Au loin aussi un ciel immobile et plat, avec une vague buée pâle sur l’horizon. Devant moi une grosse grappe de fleurs rouges, encore posées sur le rebord du mur de mon balcon de pierre branlantes. Chaque matin un gamin grimpait sur le talus et posait ces fleurs, en me faisant un signe précis, celui de ne rien dire. Il prononçait un « chut » bruyant et sifflant et dégringolait en riant, caquetant dans un jeu de voyelles une ritournelle sans doute gaie et moqueuse.
J’avais perdu la souplesse qui m’eût permis de le voir aller, formule délicieuse que ma mère utilisait lorsque je la quittait. « Je reste sur la porte pour te voir aller… » C’est elle qui est partie , avec son fardeau de dizaines d’années, ses secrets de la guerre, ses histoires infinies et ses rêves.
Elle avait pu rêver, même lorsque Diego ouvrit sa cahute de bavards et d’ivrognes. Devenue sourde comme une pierre, elle lisait sur les lèvres. Mais les yeux fermés elle révisait ses rêves à demi, en les classant par genre, et m’en livrant des portions, décousues comme les lambeaux d’une traîne.
Elle adorait me tenir à sa disposition, devant un pot de café. Elle parlait, racontait, précisait ou gommait un détail confondu par le brouillard du réveil. Cette habitude de vieille paysanne, gardienne de biques, rejoignait des pratiques viennoises des psychanalystes : noter, dicter, dire dès le réveil les traces des rêves de la nuit. Plus elle racontait, plus le récit devenait facile à déclencher. L’esprit humain prend ses habitudes, comme la charnière se fait, grinçante et dure lors des premiers jours puis souple et docile ensuite.
Elle filtrait bien sûr ses récits. Je n’étais pas dupe. Elle me donnait ainsi tous les trésors de ses montagnes, ses rencontres avec des diables et des rabanelles, des djins ; ainsi que leurs conversations sur les sorts du monde et les folies des hommes.

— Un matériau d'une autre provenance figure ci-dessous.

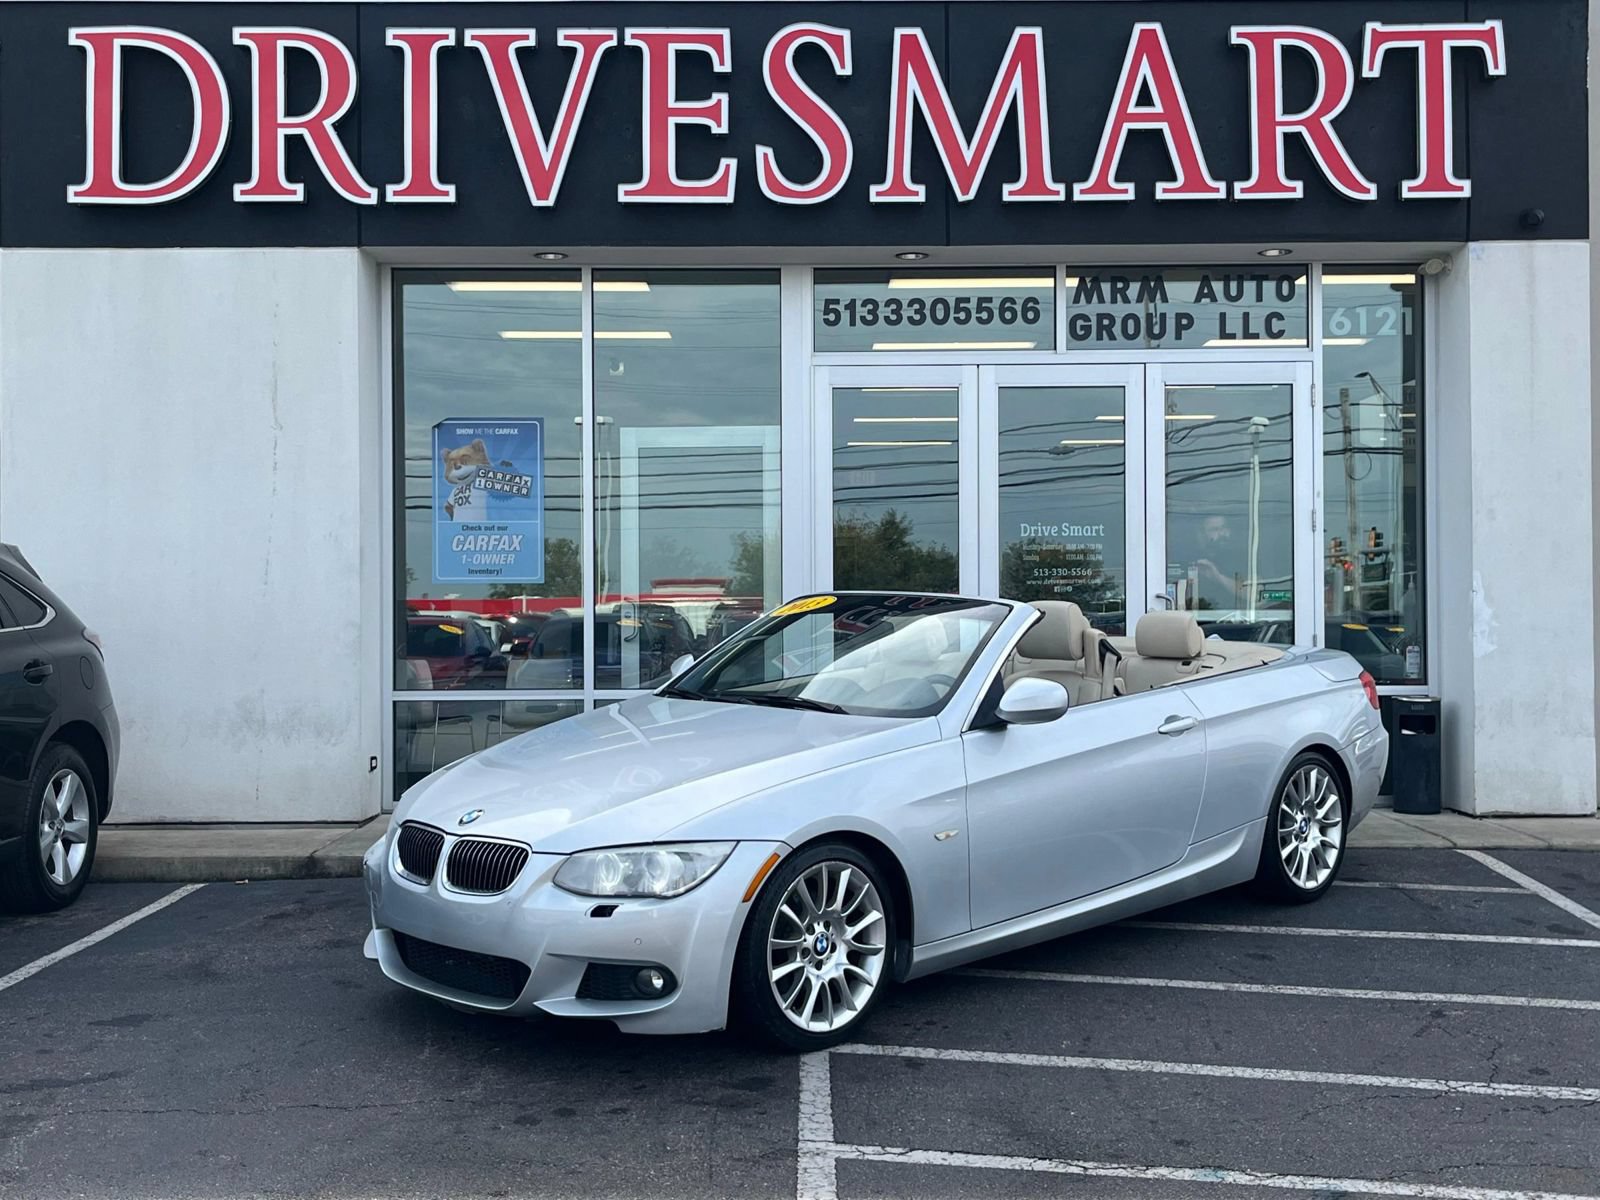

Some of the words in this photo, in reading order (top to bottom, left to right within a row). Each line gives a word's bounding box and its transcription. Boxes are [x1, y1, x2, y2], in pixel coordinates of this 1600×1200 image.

[66, 20, 1507, 208] DRIVESMART
[1072, 275, 1169, 304] MRM
[1193, 274, 1296, 303] AUTO
[822, 296, 1041, 327] 5133305566
[1068, 312, 1195, 341] GROUP
[1219, 311, 1286, 339] LLC
[1328, 306, 1413, 336] 6121
[479, 469, 530, 487] CARFAX
[454, 495, 472, 507] FOX
[1020, 522, 1059, 537] Drive
[1061, 522, 1105, 537] Smart
[452, 534, 523, 552] CARFAX
[461, 554, 516, 565] 1-OWNER
[467, 568, 503, 576] Inventory!
[1033, 567, 1093, 577] 513-330-5566

Sa fantaisie n’avit pas de limites, les images venant au secours des mots si besoin, quelques gestes dangereux pour la cafetière suffisaient à préciser l’aimpleur ou la dramaturgie de certaines scènes.

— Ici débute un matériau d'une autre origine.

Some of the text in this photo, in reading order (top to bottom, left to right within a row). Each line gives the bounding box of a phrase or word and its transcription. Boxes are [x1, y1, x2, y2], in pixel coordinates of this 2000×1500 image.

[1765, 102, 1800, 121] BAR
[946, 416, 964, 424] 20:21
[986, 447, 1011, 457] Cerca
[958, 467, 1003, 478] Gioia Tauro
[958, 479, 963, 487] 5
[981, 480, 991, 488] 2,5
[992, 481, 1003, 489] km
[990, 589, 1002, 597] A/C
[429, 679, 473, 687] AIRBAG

Elle est morte tranquillement, comme un petit bois sec qui disparaît en poudre blanche dans un feu de campement que le vent active de rafales choisies.
Ces rêves avaient des goûts de voyage, chantaient Ulysse et la Méditerranée, allaient entre les nuits trop chaudes et les matins brûlants, se risquaient parfois dans les fleuves à sec dévalés soudain par la vague qu’un orage avait jetée au loin, vers la montagne, pour abreuver la plaine des humains fatigués de l’été.
Encore et encore, pendant des années, elle m’a obligé à boire son café, me reservant pour signifier qu’elle n’avait pas fini. Je devais noter dans ma tête.
« Le seul endroit où tu ne perdras pas tes mots », m’a-telle cent fois répété.
« Va travailler maintenant, je me lève pour te voir aller… Prends soin de toi et soit prudent pour les autres. »
La fleur rouge que je posais si souvent dans un bocal de verre plein d’eau fraîche restait sur sa table, objet certifiant mon retour le soir, et aussi la séance matinale du récit de la nuit.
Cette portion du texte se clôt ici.